Meindert H. Lamers

I performed my master’s studies in Medical Biology at the University of Amsterdam, The Netherlands. After this, I did my PhD studies in the laboratory of Titia Sixma at the Netherlands Cancer Institute, Amsterdam. During my PhD I studied DNA mismatch repair and solved the first crystal structure of the key mismatch repair protein MutS. Subsequent to my PhD, I moved the United States where I joined the laboratory of John Kuriyan at the University of California, Berkeley. During my postdoctoral work I determined the crystal structure of the replicative DNA polymerase Pol III from E. coli and started my first cryo-EM work in the lab of Eva Nogales, UC Berkeley. It was also during this time I got first interested in DNA replication in the pathogen Mycobacterium tuberculosis.
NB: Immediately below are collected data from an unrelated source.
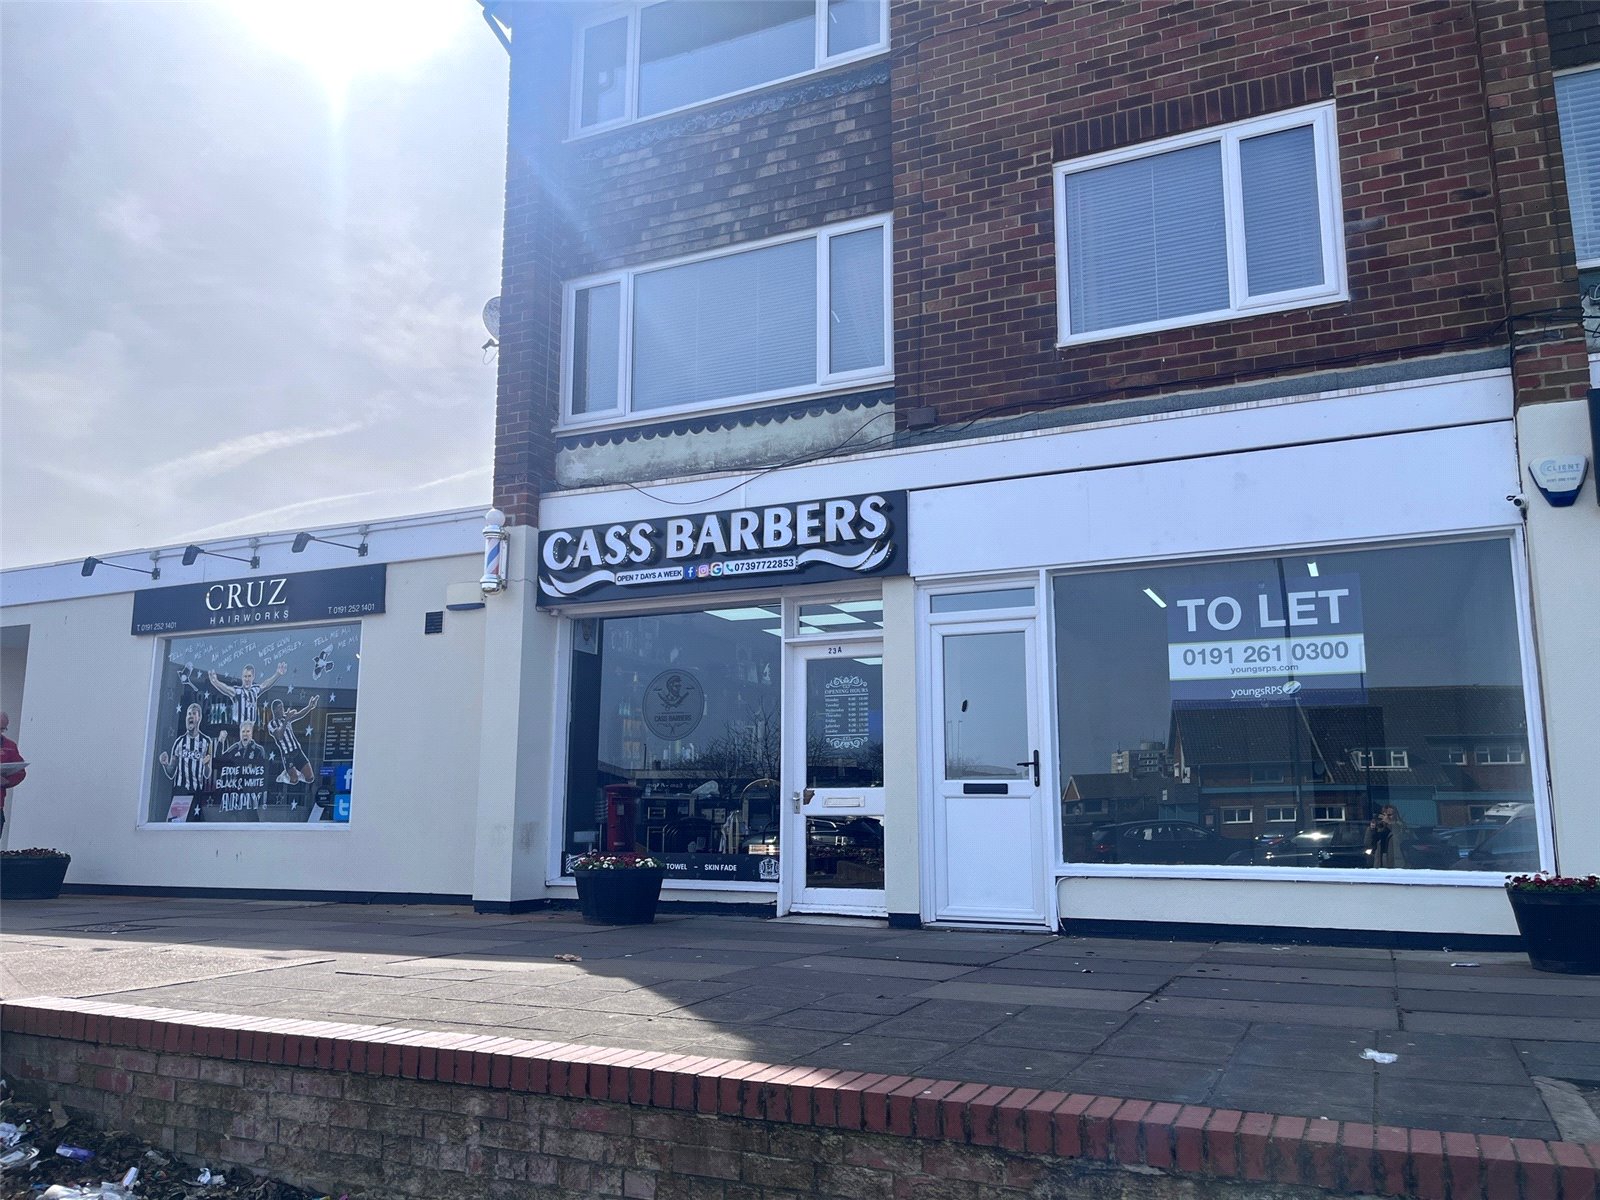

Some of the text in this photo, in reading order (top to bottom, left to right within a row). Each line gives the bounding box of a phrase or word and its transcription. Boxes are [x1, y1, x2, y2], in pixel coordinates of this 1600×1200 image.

[1546, 463, 1580, 472] CLIENT
[543, 495, 890, 571] CASS BARBERS
[734, 559, 794, 572] 07397722853
[616, 574, 634, 582] OPEN
[640, 572, 657, 580] DAYS
[205, 578, 288, 611] CRUZ
[328, 603, 375, 614] T 0191 252 1401
[1176, 588, 1349, 632] TO LET
[209, 610, 289, 625] HAIRWORKS
[141, 623, 153, 631] 0191
[153, 622, 164, 630] 252
[165, 621, 177, 629] 1401
[1183, 641, 1349, 666] 0191 261 0300
[1230, 664, 1299, 674] youngsrps.com
[1231, 684, 1283, 698] youngsRPS
[221, 766, 264, 775] EDDIE HOWES
[216, 780, 237, 789] BLACK
[244, 778, 264, 787] WHITE
[221, 791, 268, 812] ARMY!
[704, 863, 720, 871] SKIN
Following my postdoctoral work, I started my own research group at the MRC Laboratory of Molecular Biology in Cambridge, UK.  Here I expanded my research on E. coli DNA replication and translesion DNA synthesis and started working on DNA replication in M. tuberculosis. During this time, our work benefited from the recent major technological advances in cryo-EM techniques and determined multiple structures of DNA replication and DNA repair complexes. In addition, my lab also implemented single-molecule light microscopy techniques that perfectly complement the biochemical and structural work. In 2017 I moved to the Leiden University Medical Center in the Netherlands, where I continue my work on DNA replication in E. coli and M. tuberculosis using biochemical, structural, and single molecule approaches and expanding into high-throughput screening for novel inhibitors of M. tuberculosis DNA replication proteins.

Since 2019 I am co-director of the Netherlands Center for Electron Nanoscopy (NeCEN) at the Leiden Faculty of Science. Since 2022 I also head the Section Electron Microscopy in the Department Cell and Chemical Biology at the Leiden University Medical Center (LUMC).